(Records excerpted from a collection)
* * * * * * *
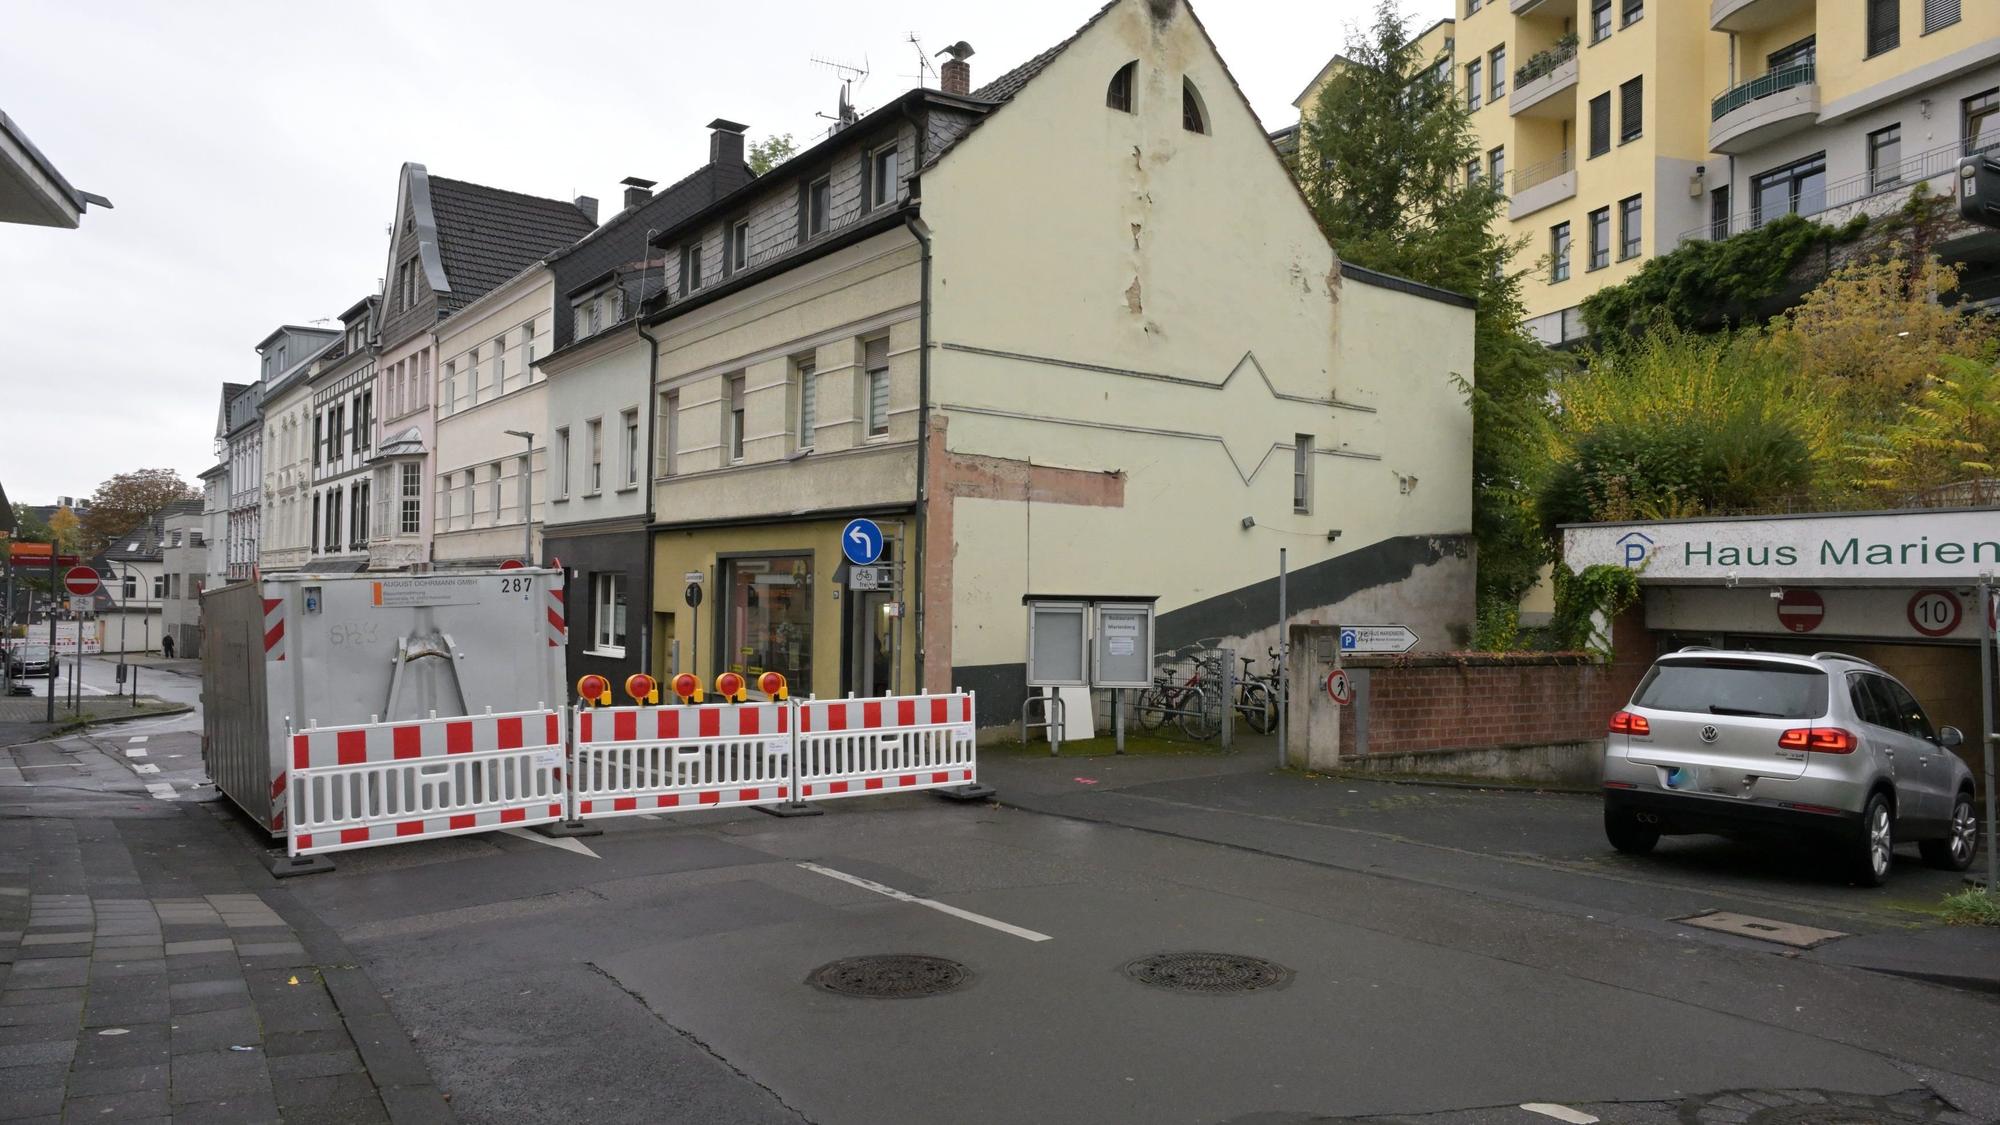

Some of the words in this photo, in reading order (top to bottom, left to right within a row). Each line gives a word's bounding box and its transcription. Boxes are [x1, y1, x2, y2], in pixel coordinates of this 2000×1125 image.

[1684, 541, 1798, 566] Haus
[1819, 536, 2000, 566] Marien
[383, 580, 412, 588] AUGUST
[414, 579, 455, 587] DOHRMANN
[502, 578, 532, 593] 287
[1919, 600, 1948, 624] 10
* * * * * * *
About this task: Could you return all the entries exactly as they appear, minus the pictures?

Result below:
Some of the words in this photo, in reading order (top to bottom, left to right within a row). Each line gives a word's bounding box and its transcription. Boxes are [x1, y1, x2, y2], in pixel coordinates of this 2000×1125 image.

[1684, 541, 1798, 566] Haus
[1819, 536, 2000, 566] Marien
[383, 580, 412, 588] AUGUST
[414, 579, 455, 587] DOHRMANN
[502, 578, 532, 593] 287
[1919, 600, 1948, 624] 10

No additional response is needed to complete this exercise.